Uhm, I am kind of new too. But my idea would be to wait until my PR is accepted, then immediately do your own PR. Like, seconds later. hahaha. But really, I would guess github can merge about anything, right?

iUltimateLP commented 8 years ago
    FString title, title2;
    title = Directory;
    title += FString::FromInt(RegionToSave.Coordinates.X);
    title += " ";
    title += FString::FromInt(RegionToSave.Coordinates.Y);
    title += " ";
    title += FString::FromInt(RegionToSave.Coordinates.Z);
    title += ".bin";

You're saving each chunk inside a custom .bin file, like Minecraft does? Or is this just your method of saving, where you said mine is better?

miguelemosreverte commented 8 years ago

Yes, and when I said yours was cleaner I was talking about your implementation of compression: Both our methods use compression. Yours use it in a more elegant way.

About my method of saving: Yours, like Scheidecker's, save the entirety of the Regions on one big file. Mine saves each Region on a different file. The reason for this is: When the moment of replicating information between PC's come, you wont want a big file. You will want small little files. So you can implement the little files later on, or do it like I did. To do it first, like I did, comes with the additional advantage that you wont ever need to read the complete file every time you want to decompress it, which in the Scheidecker code happens every time you load the game. I believe F7 fires the loading event.

So, in the end it is a "Divide and Conquer" approach to the loading of the data. Once you analize it you realize it is the best way of loading the data, and using small chunks becomes the only reasonable way to do it. And that is why Minecraft happens to use a similar approach.

Talking about Minecraft: Is it legal to import Minecraft related data?

*PS: Is not like Scheidecker does not know about Divide and Conquer. It was obvious from the moment compression was not implemented that the data saving code was a placeholder for something better. Apparently he made the entirety of BrickGame on just one month, including the sky which with some tweaks is being sold in the Marketplace at around 30 bucks. So, yeah.
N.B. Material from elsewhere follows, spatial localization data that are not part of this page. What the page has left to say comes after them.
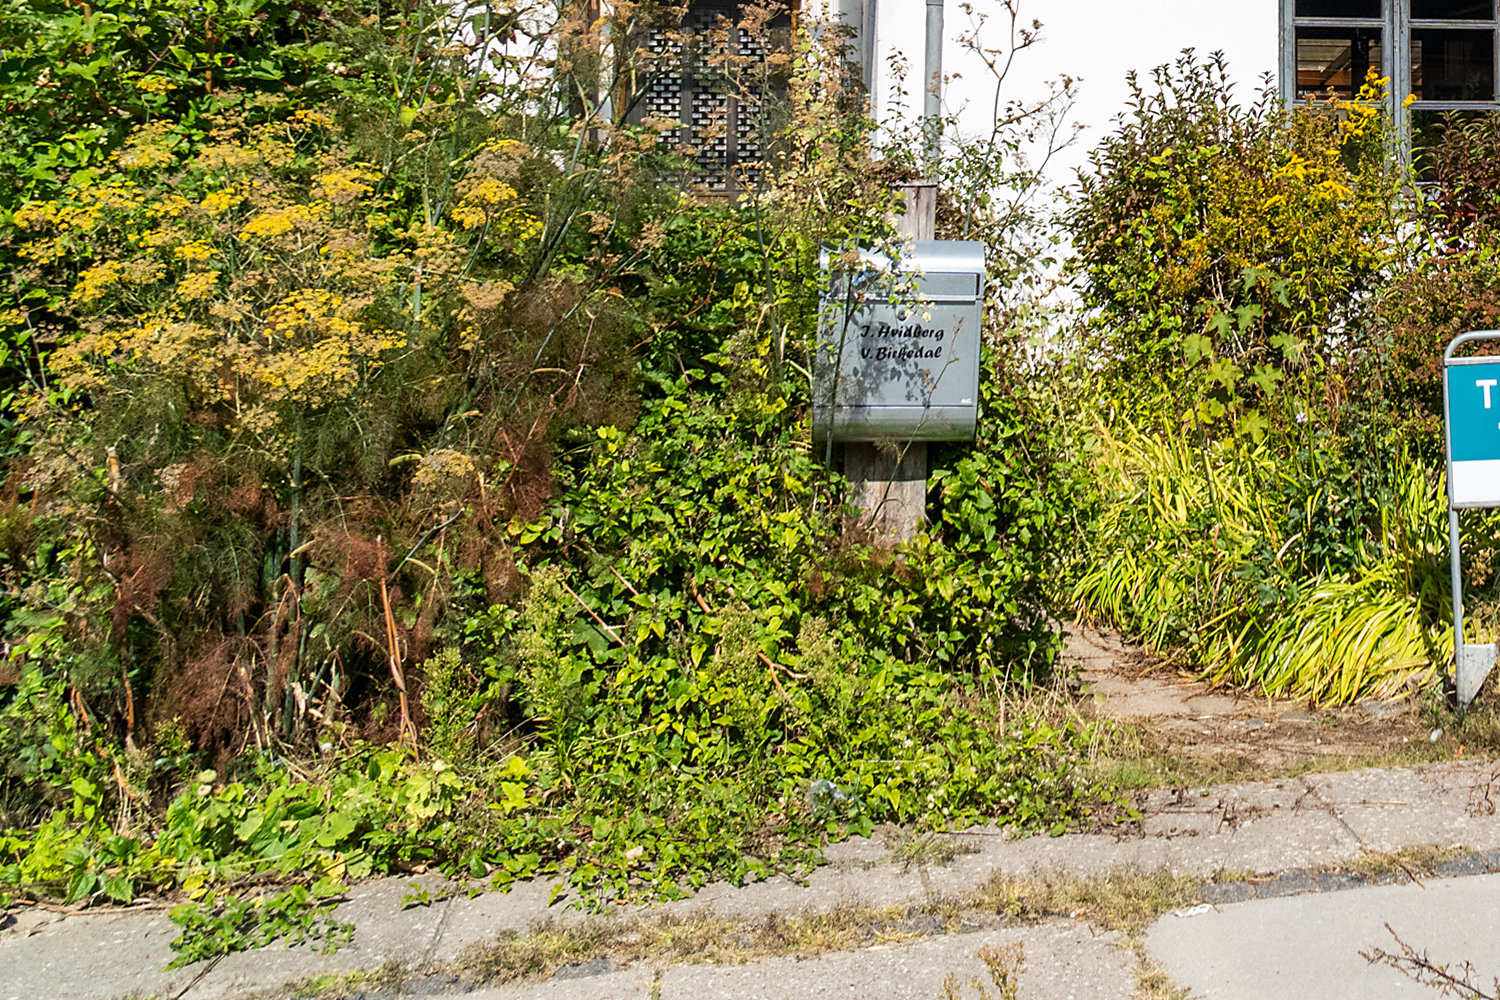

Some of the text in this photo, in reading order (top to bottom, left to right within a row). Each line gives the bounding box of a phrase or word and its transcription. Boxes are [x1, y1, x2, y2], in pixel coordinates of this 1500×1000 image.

[878, 325, 944, 341] Hvidberg
[861, 346, 942, 361] V. Birkedal
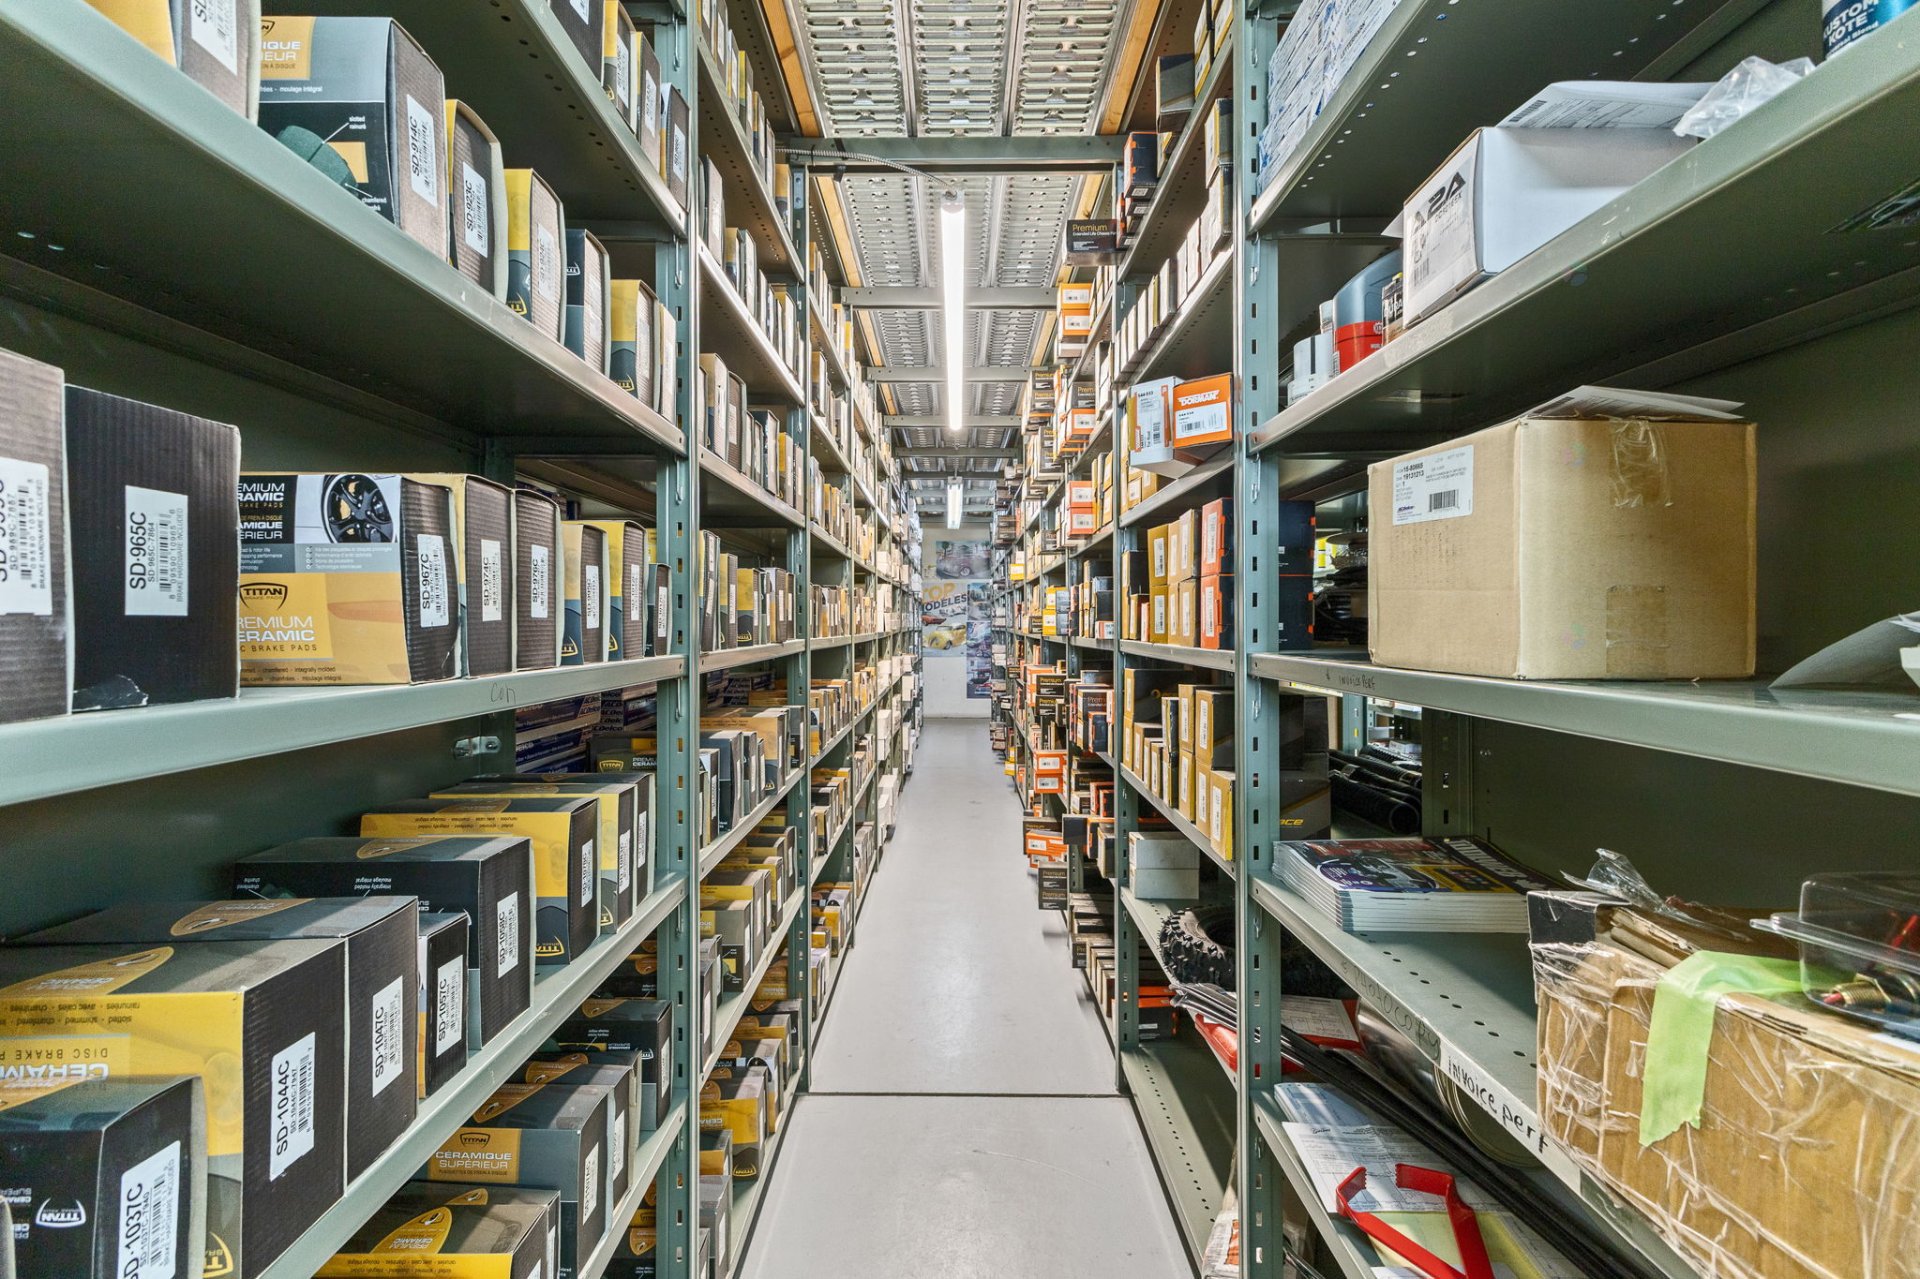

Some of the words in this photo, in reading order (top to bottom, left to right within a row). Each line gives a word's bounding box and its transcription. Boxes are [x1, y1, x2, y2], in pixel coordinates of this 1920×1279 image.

[1829, 12, 1868, 47] KOTE
[1072, 224, 1108, 232] Premium
[237, 483, 285, 492] EMIUM
[237, 492, 284, 501] RAMIC
[129, 511, 147, 590] SD-965C
[421, 553, 431, 609] SD-967C
[239, 616, 313, 629] REMIUM
[239, 630, 315, 642] ERAMIC
[251, 644, 285, 652] BRAKE
[535, 945, 560, 953] TITA
[374, 1006, 385, 1079] SD-1047C
[15, 1049, 63, 1060] BRAKE
[73, 1048, 108, 1059] DISC
[0, 1062, 109, 1081] CERAM
[276, 1059, 290, 1156] SD-1044C
[41, 1212, 80, 1222] TITAN
iUltimateLP commented 8 years ago

Yeah, I think your version is better.. To the Minecraft stuff: I think it is, because it's just a file format (an open one, see mcedit which is even open-source)..

iUltimateLP commented 8 years ago

So with this system we basicially load a save and this only loads 4 chunks or so in the game. If I enter the distance for loading another chunk, it loads that chunk from the file into the world?